Sunday, December 30, 2007

Looks like someone just Greyzed your Anatomy

Could somebody please tell me the moment at which ABC became the channel for women? Because it definitely happened, apparently when I wasn't looking. Bravo has been renowned for a while now - what with its numerous make-over shows, Boy Meets Boy, and Project Runway - as the station for gay people, which makes me sad only insofar as I liked it a lot better when it was renown as the station for West Wing reruns.

But Lifetime be damned, ABC is taking the crown as the station for women. Check out Exhibit A: Grey's Anatomy. For a long time I was reluctant to judge what looked like a pretty stupid show because I had never sat through an actual episode, but last week I manned up and did the deed. Boy, was MadTV right: this is a show written by women, for women, and common sense or good taste be damned. I think the one caveat to that should be that it's actually written by women, for stupid women...or at least women who don't know better. This show is like the equivalent of a boy band for women 25 and over: handsome men with carefully-crafted facial hair swear undying oaths of fidelity, nevermind how cliche or unthoughtful they might be. "I will never hurt you. I want to spend the rest of my life with you. I love you." Wow. You almost sounded convincing there. Want to try again?

I also caught a glimpse of the Grey's spin-off Private Practice, which promises to be as inane as its progenitor.

Now along comes this new show Cashmere Mafia, sporting the ambiguous Lucy Liu. The taglines promise a show about four smart, remarkably successful yet equally fabulous women who "rely on each other" for their success or some other such "girlfriends forever!" bullshit. Are you kidding me? No, really. Are you fucking kidding me? First of all, I think I would have enjoyed this show five years ago when it was called Sex and the City. Second of all, here's a little fun fact: truly successful women are usually too busy being successful to have time to be fabulous.

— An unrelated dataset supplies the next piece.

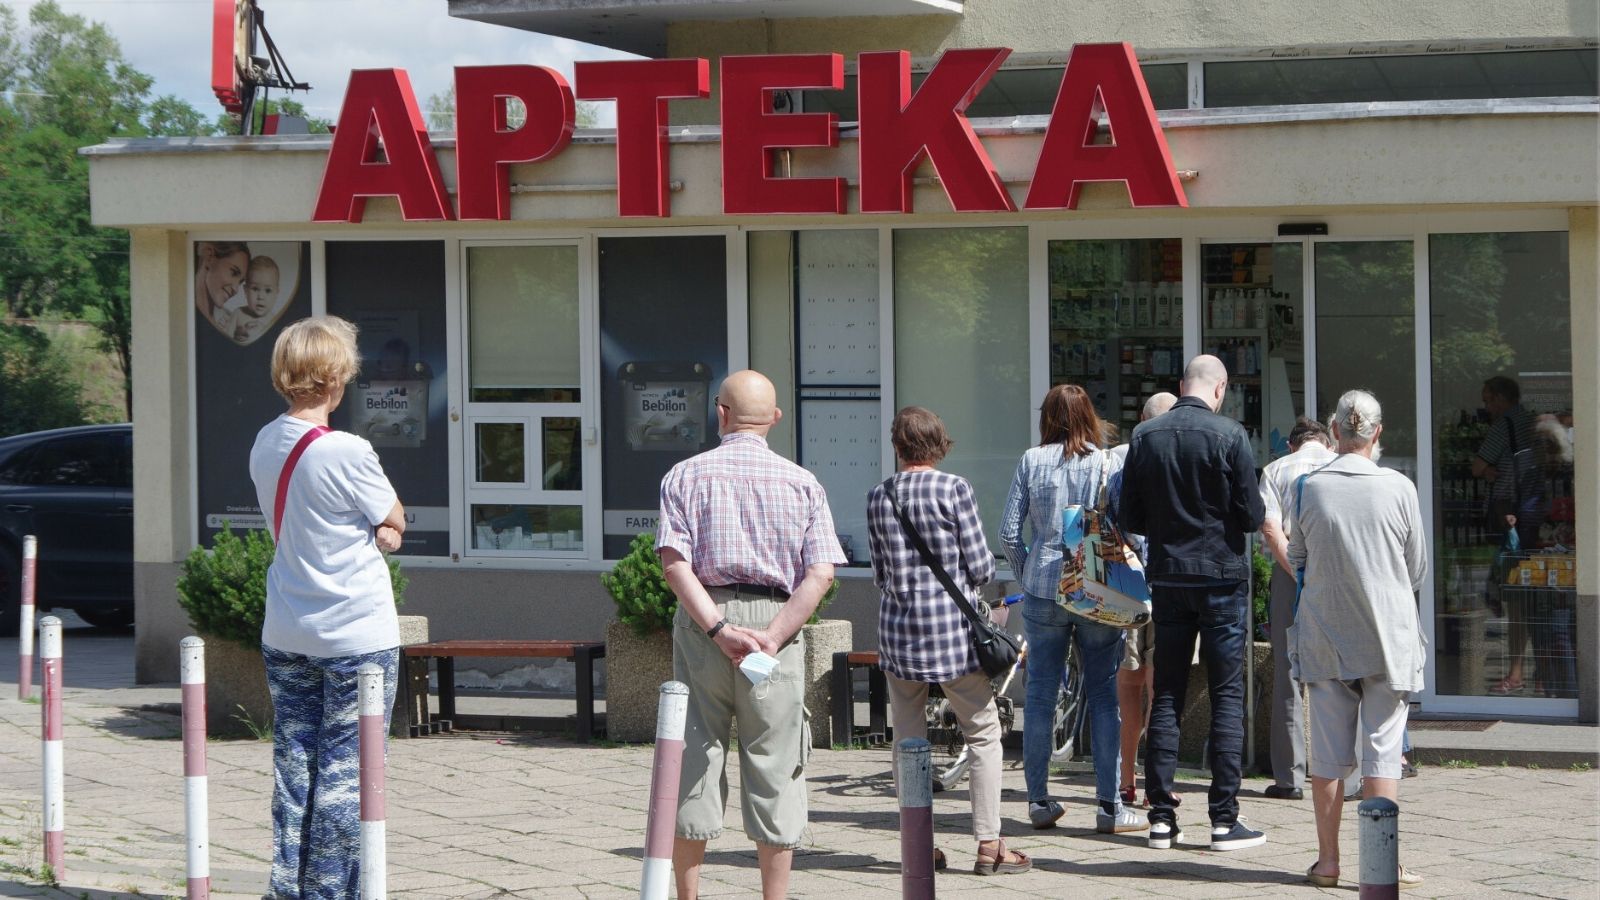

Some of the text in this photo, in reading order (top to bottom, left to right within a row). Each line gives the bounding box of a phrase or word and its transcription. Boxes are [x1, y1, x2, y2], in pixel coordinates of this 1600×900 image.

But this clip is my favorite part:

"If you break her heart, we'll break every bone in your body"? Is that a promise? If I was that dude, I'd definitely be concerned. No, really. Since women have been famed for centuries for both their violent tendencies and physical prowess, that sort of comment should most certainly be indulged with the humoring smile he gives it. If Grey's Anatomy is the 25+ woman's version of boy bands, Cashmere Mafia promises to be the 25+ women's version of girl power.

Fact: If this show doesn't completely tank, it'll be a broadcasted testimony to how stupid the average American woman truly is.